We are escorted to the official audition room, where Robert, one of the contestant coordinators, goes over the rules and gets us pumped up.  I am now sufficiently pumped up, although some others were way more pumped up than me.  Some people were trying way too hard to get the coordinators’ attention.  They lead us through a mock game with everyone in the room participating by raising our hands.  I was the very first person called on in the mock game, and after answering, was complimented on my voice and quickly choosing the next category.

After that, we start the fifty question test.  A few times during the test, I made eye contact with one of the coordinators, and we smiled at each other.  “Ooh, I know that one….wait, I know that one too…OMG…wow, I just studied that….oh crap.”  Fifty questions later (sorry, I can’t reveal details of the questions – cheaters, scram!), I’m pretty confident I passed.  The rumor on the internets is that 35/50 is a passing score.  I definitely scored above 35.  In fact, I think I scored anywhere between 39-41, which is pretty close to what I think I scored on the online test.

The coordinators go outside to grade the test, and people in the room start comparing answers.  I felt bad because one guy realized he missed quite a few, and became sufficiently bummed.  I realized I missed quite a few also, including making a stupid mistake on what might have been one of the easiest questions on the test.  To my credit though, I did get some obscure questions that many in the room realized they missed.

After they come back in, the coordinators tell us they are going to call us up in groups of three to play a mock game, in no particular order.  This is different than the way they used to do it.  They used to cut some people after they graded the fifty question test.  But now, they let everyone stay and play the second mock game.  Again, I’m the VERY FIRST PERSON THEY CALL.  Random?  Maybe.  For the record, I was in the first group at my Wheel audition, and that worked out pretty well.  I’m jokingly introduced as the 47-day returning champion, I bow, and we start the game.  I pick the first category, then after, the coordinator says, “that’s how you do it.”  Did I just get complimented for a second time on my voice and gameplay?  Holy crap.  I get outbuzzed a few times, but get in a few times, and I get all my questions right.  They start interviewing the three of us; I get some laughs from the coordinators and from the crowd, and then the other two get questions.  In that moment, I felt like my interview was short, and it was definitely shorter than many others, but I think it went well, nonetheless.  We take our seats and stay for the remainder of the audition, watching and supporting the others.
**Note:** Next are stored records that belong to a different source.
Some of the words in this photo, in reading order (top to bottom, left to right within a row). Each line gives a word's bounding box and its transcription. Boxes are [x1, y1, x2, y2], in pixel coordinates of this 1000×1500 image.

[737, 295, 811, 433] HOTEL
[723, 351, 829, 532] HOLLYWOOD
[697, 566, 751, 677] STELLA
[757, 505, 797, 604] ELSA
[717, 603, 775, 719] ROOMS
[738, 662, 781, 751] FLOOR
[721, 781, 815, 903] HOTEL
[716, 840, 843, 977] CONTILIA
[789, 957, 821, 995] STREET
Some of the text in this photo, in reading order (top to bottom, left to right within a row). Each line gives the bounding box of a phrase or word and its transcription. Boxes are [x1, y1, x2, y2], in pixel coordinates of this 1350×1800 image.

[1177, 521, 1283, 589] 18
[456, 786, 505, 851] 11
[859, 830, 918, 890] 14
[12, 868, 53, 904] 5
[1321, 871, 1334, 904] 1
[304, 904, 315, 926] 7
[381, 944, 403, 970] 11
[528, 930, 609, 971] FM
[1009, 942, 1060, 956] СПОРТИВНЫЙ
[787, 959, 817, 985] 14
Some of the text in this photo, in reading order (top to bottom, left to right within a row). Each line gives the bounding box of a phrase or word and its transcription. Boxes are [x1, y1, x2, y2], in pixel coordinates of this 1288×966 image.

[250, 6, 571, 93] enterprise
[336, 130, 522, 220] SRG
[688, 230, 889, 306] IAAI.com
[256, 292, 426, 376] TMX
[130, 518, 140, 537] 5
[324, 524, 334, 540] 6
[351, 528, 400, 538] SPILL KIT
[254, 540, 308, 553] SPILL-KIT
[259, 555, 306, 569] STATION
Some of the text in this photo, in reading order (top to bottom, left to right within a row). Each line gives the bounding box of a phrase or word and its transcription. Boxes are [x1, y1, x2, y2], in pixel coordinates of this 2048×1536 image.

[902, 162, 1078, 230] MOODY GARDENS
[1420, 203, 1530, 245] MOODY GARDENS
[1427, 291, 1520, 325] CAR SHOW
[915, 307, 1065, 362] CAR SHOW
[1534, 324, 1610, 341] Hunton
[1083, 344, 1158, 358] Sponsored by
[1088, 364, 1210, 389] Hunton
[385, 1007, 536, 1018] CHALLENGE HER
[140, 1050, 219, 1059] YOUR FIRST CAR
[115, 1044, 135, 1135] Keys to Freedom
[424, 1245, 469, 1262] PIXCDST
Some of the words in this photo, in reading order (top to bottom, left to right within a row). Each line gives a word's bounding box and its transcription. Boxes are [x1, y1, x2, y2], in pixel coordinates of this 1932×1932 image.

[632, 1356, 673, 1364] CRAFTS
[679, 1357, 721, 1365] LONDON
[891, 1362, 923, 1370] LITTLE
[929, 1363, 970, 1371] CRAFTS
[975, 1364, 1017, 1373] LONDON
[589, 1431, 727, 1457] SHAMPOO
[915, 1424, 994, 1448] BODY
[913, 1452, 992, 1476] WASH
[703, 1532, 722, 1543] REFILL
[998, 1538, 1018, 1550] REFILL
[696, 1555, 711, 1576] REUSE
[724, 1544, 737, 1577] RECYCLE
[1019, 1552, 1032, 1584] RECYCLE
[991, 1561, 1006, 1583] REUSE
One guy was there for his sixth audition, about half were there for their second or third audition, and most of the younger people were there for the first time. The woman I played against in my mock game will definitely be on the show.  She was interesting and camera ready.  A few others will also definitely get on.  They were funny and interesting.  But that’s what makes it so tough – no one was outright bad.  Although, one guy missed three questions in his mock game all in a row.  He looked like he needed a hug.

Overall, I did all I could do, so it would now be in their hands. At this point, I'm in the contestant pool for eighteen months, so if I didn't get selected this time, I could start the audition process again in January 2013. Thousands of people audition each year for 400 spots, so the odds were against me.  I had no idea if my being on Wheel would help me (“he’s camera ready….”) or hurt me (“let’s give others a chance…”).  I could have had an amazing audition, but not get selected because there’s just not room for me.

At this point, I had two goals.  Continue studying, but also try and go on with my life.  Try being the operative word.

For part two (Preparing for the Audition):  Preparing for the Audition

For part one (The Online Test):  The Online Test

1 comment:

  1. The worst part of any J! audition I've had is the attempt at one-upmanship/"I'm the smartest guy in the room" type stuff. I love auditioning anyway. ;-)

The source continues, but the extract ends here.